Muhalefetteki parti liderine yapılan faşist saldırı, cezaevinde evlatlarını görmeye giden Barış Anneleri’ni yerlerde sürükleyen kolluk kuvvetlerinin saldırısı, gazetecilerin hukuksuzca tutuklanması baskı koşullarının artacağının, devleti yönetenlerin faşizme dümeni kırmak istediklerinin ilanıdır.
Sol, işçi sınıfına yoğunlaşmadığı, doğru bir programı ortaya koymadığı sürece faşist saldırılar artacaktır.
Ülke kaynaklarını talan eden, borç batağı yaratan, yeni borç bulmak için emekçi halkların parasına el koymak isteyen sermayenin baskı koşullarına ihtiyacı vardır.
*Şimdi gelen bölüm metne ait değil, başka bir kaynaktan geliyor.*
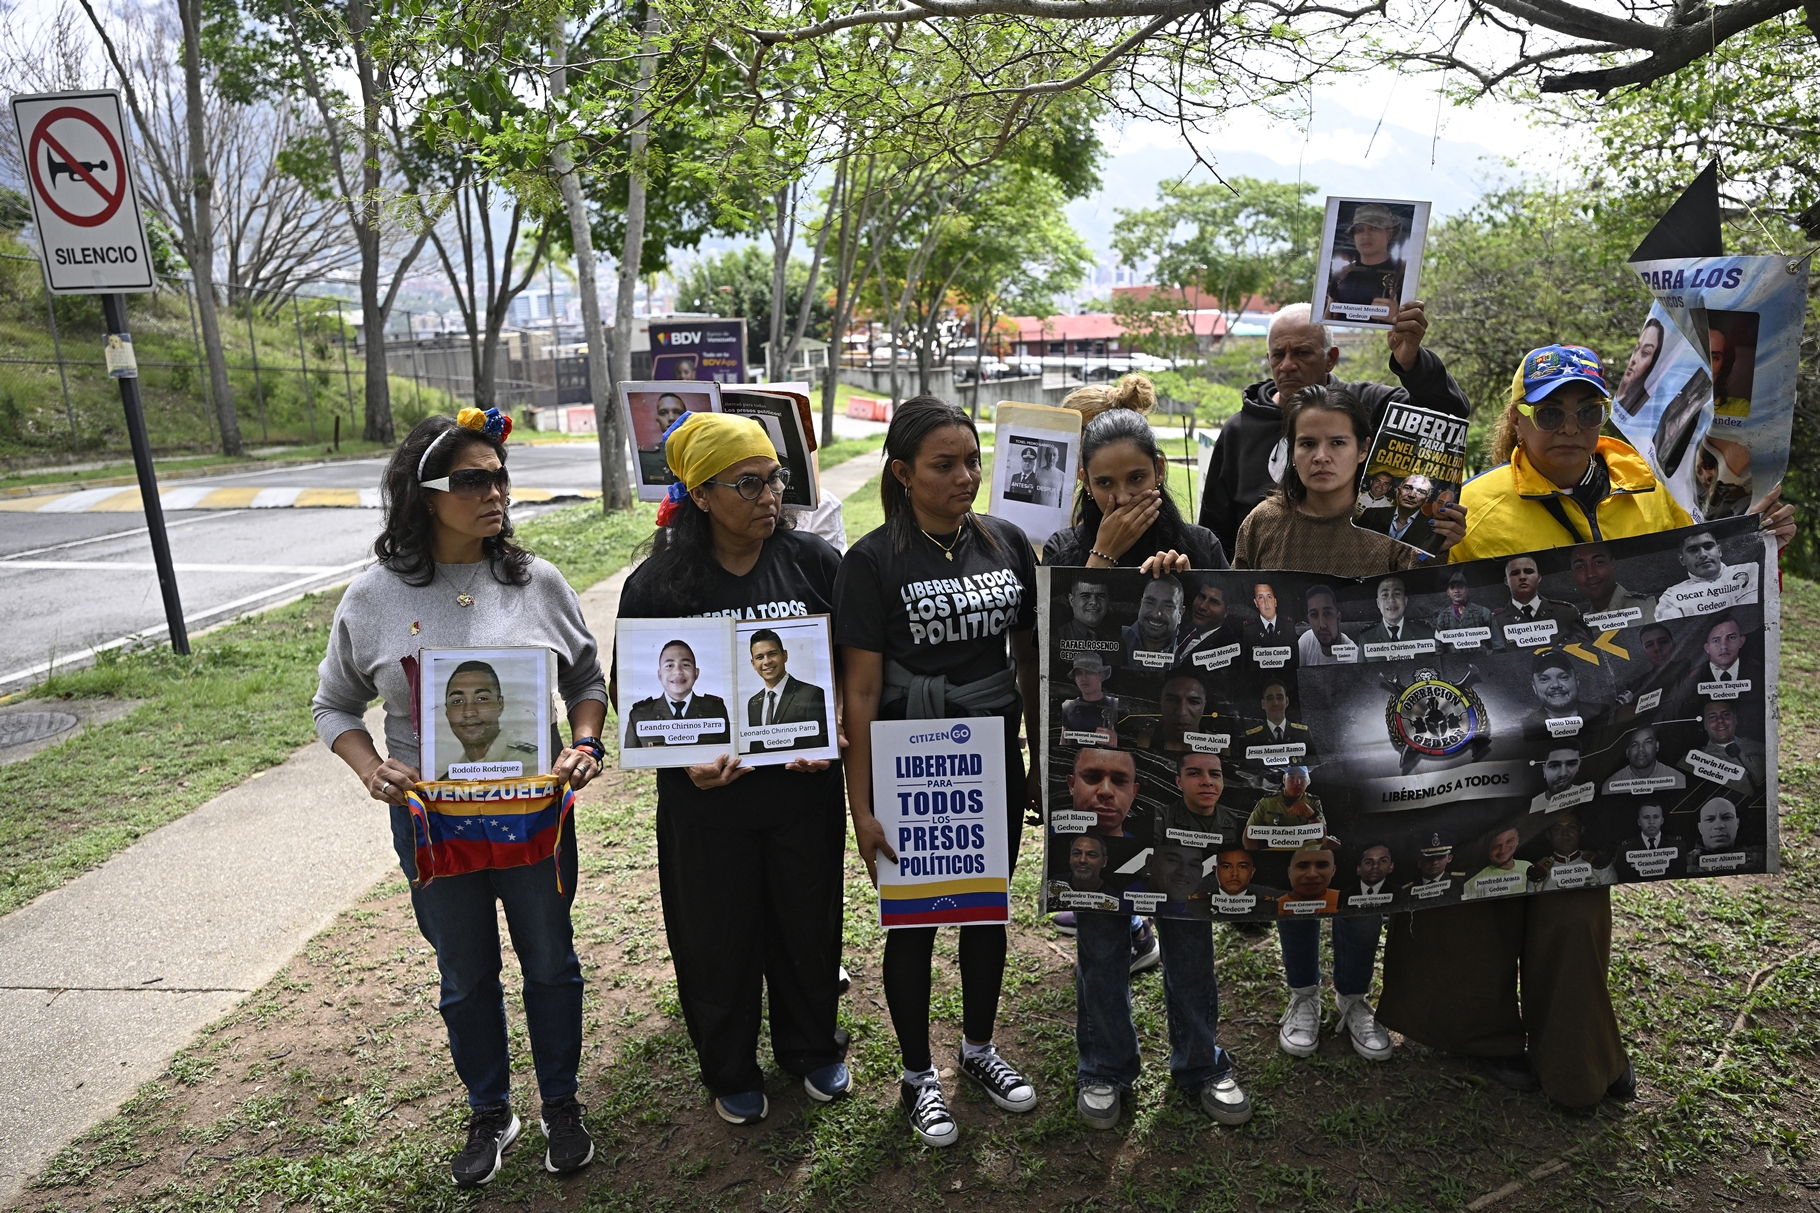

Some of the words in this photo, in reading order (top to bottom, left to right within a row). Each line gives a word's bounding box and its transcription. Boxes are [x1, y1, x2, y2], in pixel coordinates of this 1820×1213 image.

[55, 246, 138, 265] SILENCIO
[1641, 269, 1685, 290] PARA
[1690, 268, 1743, 289] LOS
[671, 331, 702, 345] BDV
[1386, 408, 1468, 447] LIBERTA
[1419, 437, 1445, 453] PARA
[1376, 449, 1421, 474] GARCÍA
[1417, 448, 1463, 469] OSWALDO
[901, 578, 963, 603] LIBEREN
[963, 576, 977, 591] A
[1676, 590, 1704, 601] Oscar
[1706, 584, 1740, 598] Aguillon
[906, 595, 951, 621] LOS
[951, 584, 1023, 614] PRESOS
[1697, 600, 1727, 612] Gedeon
[745, 607, 757, 619] A
[757, 600, 808, 618] TODOS
[1584, 614, 1608, 623] Rodolfo
[1507, 626, 1533, 636] Miguel
[1534, 623, 1554, 631] Plaza
[1602, 621, 1625, 629] Gedeon
[1060, 639, 1086, 650] RAFAEL
[1086, 640, 1120, 651] ROSENDO
[1457, 639, 1478, 647] Gedeon
[1519, 636, 1547, 644] Gedeon
[1366, 645, 1389, 653] Leandro
[1390, 643, 1416, 651] Chirinos
[1194, 651, 1216, 662] Rosmel
[1208, 658, 1229, 669] Gedeon
[1700, 683, 1724, 691] Jackson
[1725, 681, 1749, 690] Taquiva
[1404, 686, 1461, 711] OPERACION
[639, 723, 670, 731] Leandro
[671, 722, 702, 730] Chirinos
[702, 721, 722, 729] Parra
[739, 728, 770, 738] Leonardo
[771, 727, 798, 735] Chirinos
[799, 725, 816, 733] Parra
[668, 733, 695, 742] Gedeon
[766, 737, 792, 746] Gedeon
[1186, 734, 1207, 743] Cosme
[1208, 736, 1228, 744] Alcalá
[1194, 744, 1219, 752] Gedeon
[1263, 746, 1285, 754] Manuel
[452, 765, 481, 774] Rodolfo
[895, 753, 983, 779] LIBERTAD
[1690, 753, 1718, 768] Darwin
[1718, 762, 1740, 775] Herde
[927, 779, 953, 788] PARA
[1381, 782, 1453, 803] LIBÉRENLOS
[1454, 779, 1464, 791] A
[1464, 773, 1510, 788] TODOS
[423, 781, 555, 802] VENEZUELA
[1552, 790, 1579, 803] Jefferson
[897, 789, 984, 816] TODOS
[1558, 797, 1581, 808] Gedeon
[932, 815, 951, 824] LOS
[1051, 813, 1069, 821] afael
[1168, 830, 1193, 838] Jonathan
[1250, 828, 1270, 836] Jesus
[1271, 828, 1296, 836] Rafael
[1297, 827, 1321, 835] Ramos
[898, 824, 985, 852] PRESOS
[1271, 838, 1300, 846] Gedeon
[1653, 850, 1676, 858] Enrique
[1719, 854, 1744, 862] Altamar
[900, 852, 985, 877] POLÍTICOS
[1637, 858, 1668, 867] Granadillo
[1553, 868, 1573, 877] Junior
[1560, 877, 1583, 885] Gedeon
[1213, 896, 1227, 904] José
Poulantzas devlet aygıtının şekil almasının mutlak surette sınıf savaşına bağlı olduğunu savunuyor ve şöyle diyor; “Faşistleşme sürecinin başlangıcı işçi sınıfının yenilgisinin bir dizi karakteristik ön-koşuluna dayanır.”
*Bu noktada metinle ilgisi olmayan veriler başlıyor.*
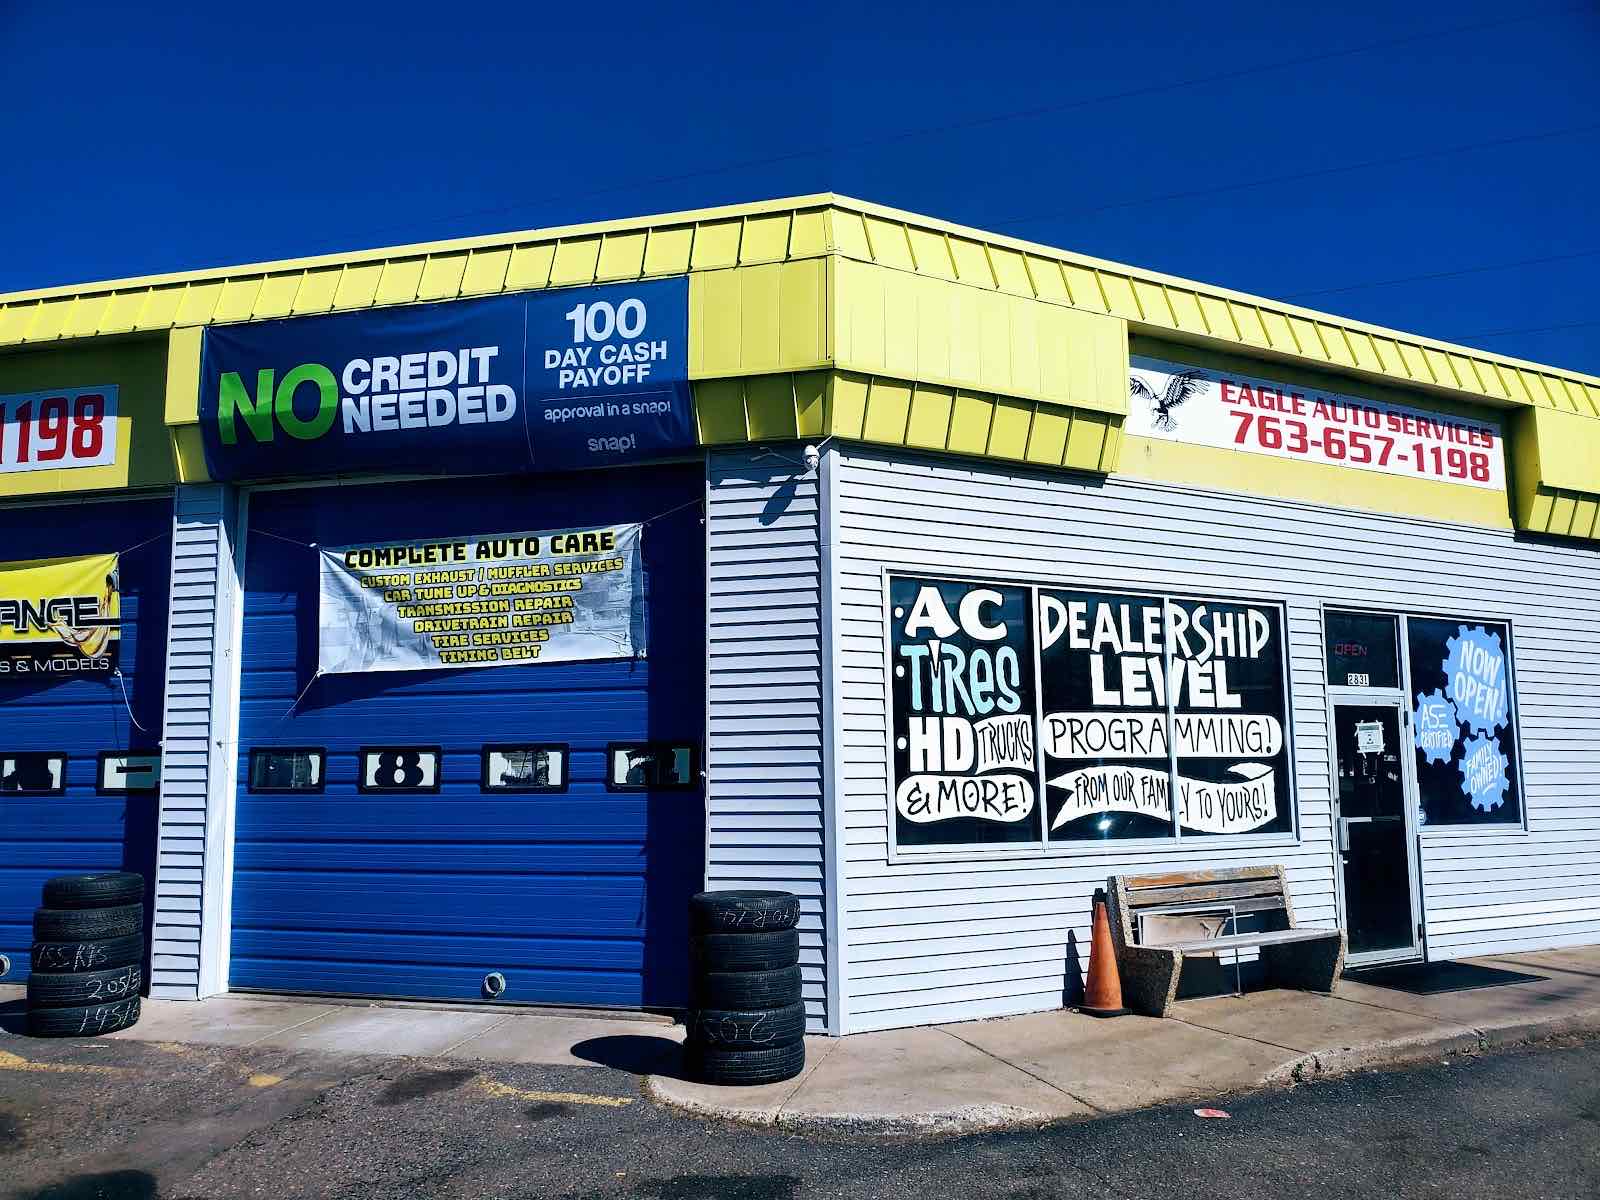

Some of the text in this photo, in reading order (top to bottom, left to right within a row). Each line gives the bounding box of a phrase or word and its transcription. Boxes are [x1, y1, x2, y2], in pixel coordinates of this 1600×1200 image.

[565, 298, 647, 343] 100
[342, 346, 499, 395] CREDIT
[544, 340, 667, 369] DAY CASH
[559, 363, 651, 389] PAYOFF
[218, 363, 339, 444] NO
[342, 384, 517, 434] NEEDED
[544, 401, 671, 423] approval in a snap!
[1220, 379, 1494, 449] EAGLE AUTO SERVICES
[587, 433, 636, 453] snap!
[1229, 410, 1490, 482] 763-657-1198
[344, 532, 615, 569] COMPLETE AUTO CARE
[360, 573, 411, 588] CUSTOM
[414, 569, 476, 585] EXHAUST
[487, 564, 550, 580] MUFFLER
[553, 557, 624, 576] SERVICES
[384, 589, 411, 602] CAR
[415, 585, 453, 601] TUNE
[491, 576, 583, 597] DIAGNOSTICS
[397, 594, 574, 618] TRANSMISSION REPAIR
[414, 610, 574, 633] DRIVETRAIN REPAIR
[904, 585, 1008, 641] AC
[432, 629, 549, 648] TIRE SERVICES
[1040, 595, 1270, 665] DEALERSHIP
[16, 660, 30, 672] &
[34, 658, 110, 672] MODELS
[439, 644, 541, 663] TIMING BELT
[1335, 643, 1368, 656] OPEN
[1460, 640, 1502, 687] NOW
[1090, 653, 1241, 708] LEVEL
[1348, 673, 1368, 685] 2831
[1454, 672, 1505, 722] OPEN!
[1421, 703, 1449, 729] ASE
[908, 716, 1033, 772] HD TRUCKS
[1049, 717, 1272, 755] PROGRAMMING!
[907, 779, 1026, 817] & MORE!
[1074, 771, 1268, 827] FROM OUR FAMY TO YOURS!
İşçi sınıfını diri tutacak, direnme imkanlarını var edecek geniş örgütlü mücadele hedeflenmek zorundadır.
**
Solun işçi sınıfına yönelik tutumunu her gün biraz daha zayıflatan, AKP karşıtı, bir türlü gerçekleşmeyen soyut kalan birlik çağrıları kati surette yetmez. Faşizme direnmek konusunda sol için önemli, tarihsel kaynağı kaleme alan Dimitrov sosyal demokratların, parti ve örgütlerin böylesi birlik tavrını yeterli görmez ve der ki “Komünist ve tüm devrimci işçiler köy ve kentlerin küçük kişileri arasında, işçi mahallelerinde, işsizler arasında, fabrikalarda, birleşik cephe partisinin dışında sınıf örgütlerinin kurulmasında çalışmalıdırlar.”
Emekçi Hareket Partisi 1 Mayıs’ta parti kortejinde buluşarak her yerde işçi sınıfına örgütlenme çağrısı yaptı. Parti ve program devrimci mücadelenin bel kemiğidir. Hepsinin buluştuğu bir kavşağa mutlaka ulaşacağız.